Tutorial :c++ #define a macro with brackets?



Question:

Instead of doing the following everytime

start();    // some code here    stop();  

I would like to define some sort of macro which makes it possible to write like:

startstop()  {    //code here    }  

Is it possible in C++?


Solution:1

You can do something very close using a small C++ helper class.

class StartStopper {  public:      StartStopper() { start(); }      ~StartStopper() { stop(); }  };  

Then in your code:

{      StartStopper ss;      // code here  }  

When execution enters the block and constructs the ss variable, the start() function will be called. When execution leaves the block, the StartStopper destructor will be automatically called and will then call stop().


Solution:2

The idiomatic way of doing this in C++ is called Resource Acquisition Is Initialization, or shortly RAII. In addition to providing what you want, it also has the added benefit of being exception safe: the stop function will be called even if your code throws an exception.

Define a guard struct:

struct startstop_guard  {      startstop_guard()      {          start();      }      ~startstop_guard()      {          stop();      }  };  

and then rewrite your code this way:

{      startstop_guard g;      // your code  }  

The guard's destructor (and thus the stop function) will be called automatically at the end of the enclosing block.


Solution:3

Other answers have addressed the RAII side of the question well, so I'm going to address the syntax side of it.

#define startstop for(Starter s; s.loop; s.loop = false)  struct Starter {      bool loop;      Starter() { start(); loop = true; }      ~Starter() { stop(); }  };  

Used like:

startstop {      // some code  }  

Should be self-explanatory enough.


Solution:4

#define startstop(x, y, ...) for( /* use macro args */ )  


Solution:5

Generic solution with RAII and boost::function ( std::function ).

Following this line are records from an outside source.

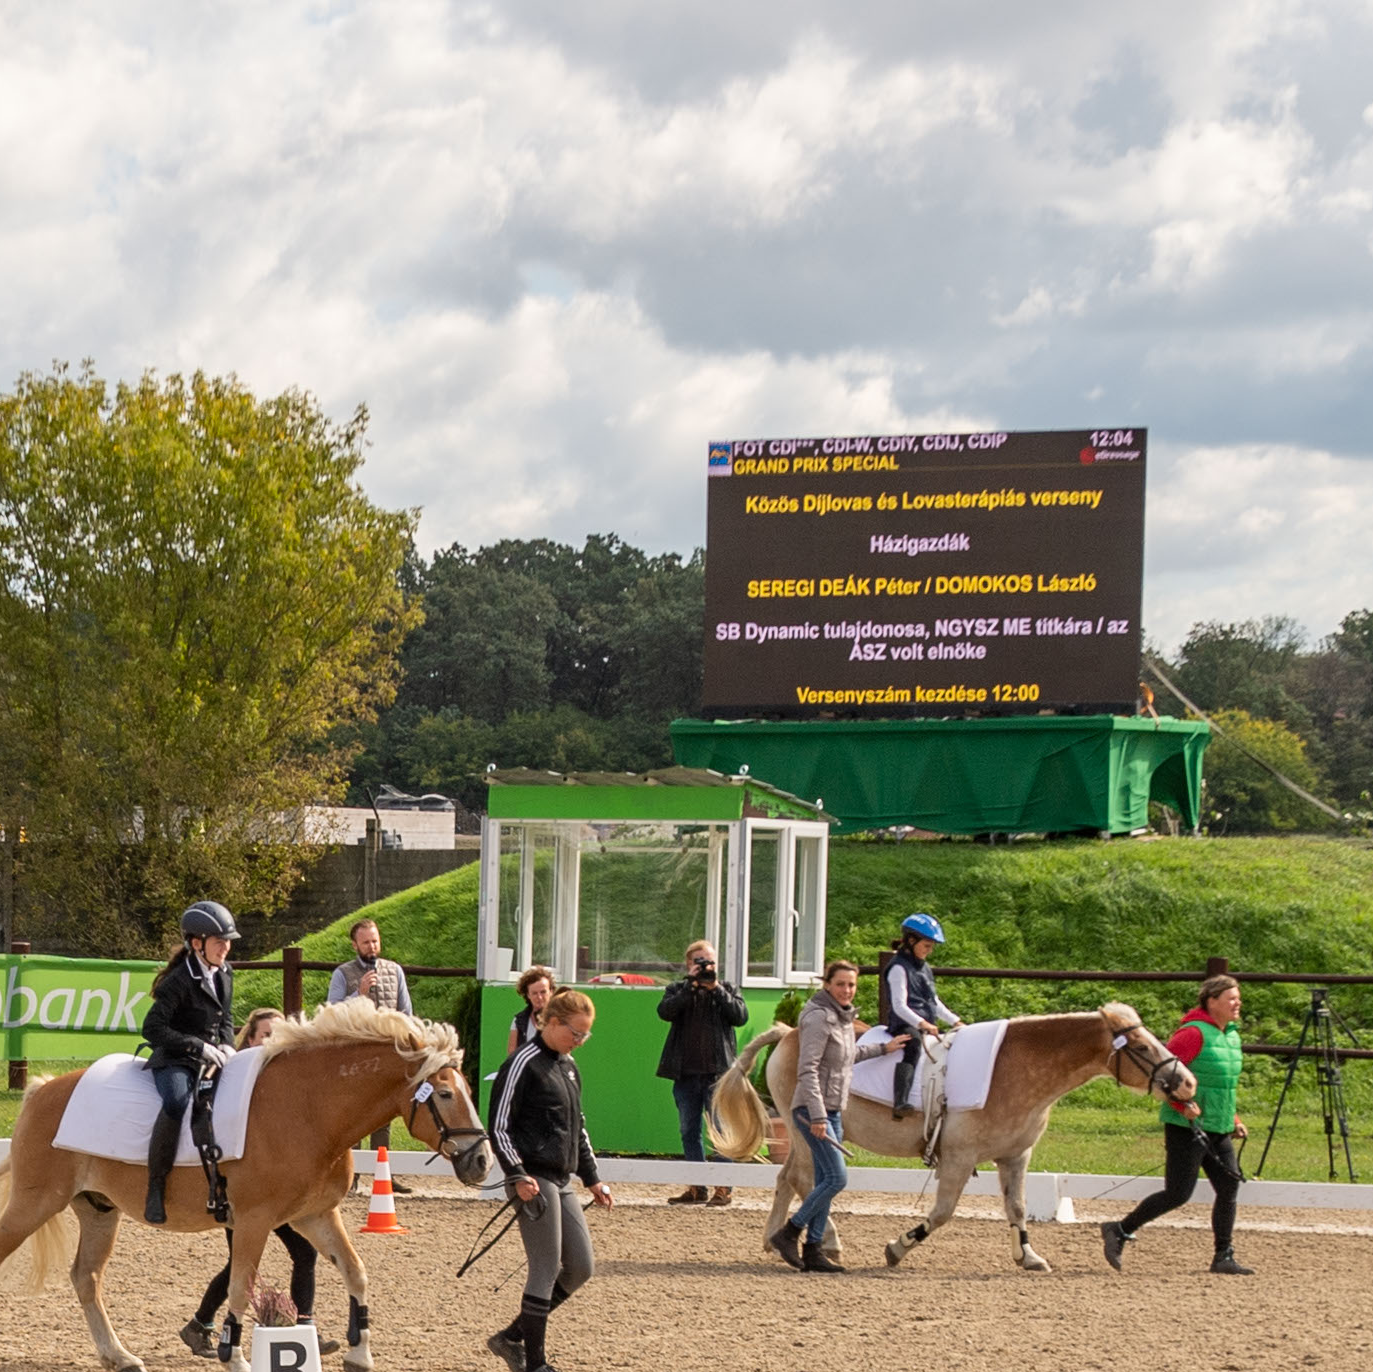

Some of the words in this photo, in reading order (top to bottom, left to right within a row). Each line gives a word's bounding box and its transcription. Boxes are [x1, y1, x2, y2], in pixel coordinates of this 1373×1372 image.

[967, 432, 1008, 449] CDIP
[1089, 430, 1133, 447] 12:04
[734, 457, 790, 475] GRAND
[792, 456, 829, 473] PRIX
[832, 454, 900, 472] SPECIAL
[745, 495, 799, 514] Közös
[876, 491, 898, 510] és
[902, 488, 1027, 511] Lovasterápiás
[1030, 489, 1103, 509] verseny
[747, 579, 815, 598] SEREGI
[819, 574, 871, 597] DEÁK
[875, 577, 921, 595] Péter
[924, 576, 932, 594] /
[935, 574, 1033, 594] DOMOKOS
[1037, 573, 1098, 592] László
[716, 623, 740, 640] SB
[745, 622, 820, 644] Dynamic
[824, 620, 931, 643] tulajdonosa,
[935, 618, 1000, 636] NGYSZ
[1003, 618, 1032, 635] ME
[1095, 616, 1105, 634] /
[1107, 619, 1129, 634] az
[890, 642, 924, 660] volt
[796, 686, 912, 705] Versenyszám
[915, 684, 987, 702] kezdése
[991, 684, 1040, 702] 12:00

class starter  {      typedef boost::function< void () > action;      action end_;  public:      starter(action start, action end):          end_(end)      {           log("starter start");          start();       }      ~starter()      {           log("starter end");          end_() ;       }  };  int main()  {      {          starter s(start, stop);          middle();      }        return 0;  }  

or to test and check the idea

    void print(const std::string& message)      {          std::cout << message << std::endl;      }      int main()      {          starter s(boost::bind(print, "globalstart"),                    boost::bind(print, "globalend"));             {              starter s(boost::bind(print, "start"),                        boost::bind(print, "end"));               std::cout << "middle" << std::endl;          }          return 0;      }  


Solution:6

What are you trying to do? I'd recommend checking out RAII as a much more C++ oriented way of doing things than macro hacking, with all its unforeseen consequences.


Solution:7

Don't use macros. You can use inline functions instead as it provides type checking and other features. You can take a look here: inline functions


Solution:8

credit to dirkgently for the idea.. I thought I'd fill the rest in

#define startstop() for(start();isStarted();stop())


Solution:9

In c#, you could use the IDisposable pattern, and implement your Stop() functionality in the Dispose() method, but that would would work if you were using a .net variant of c++.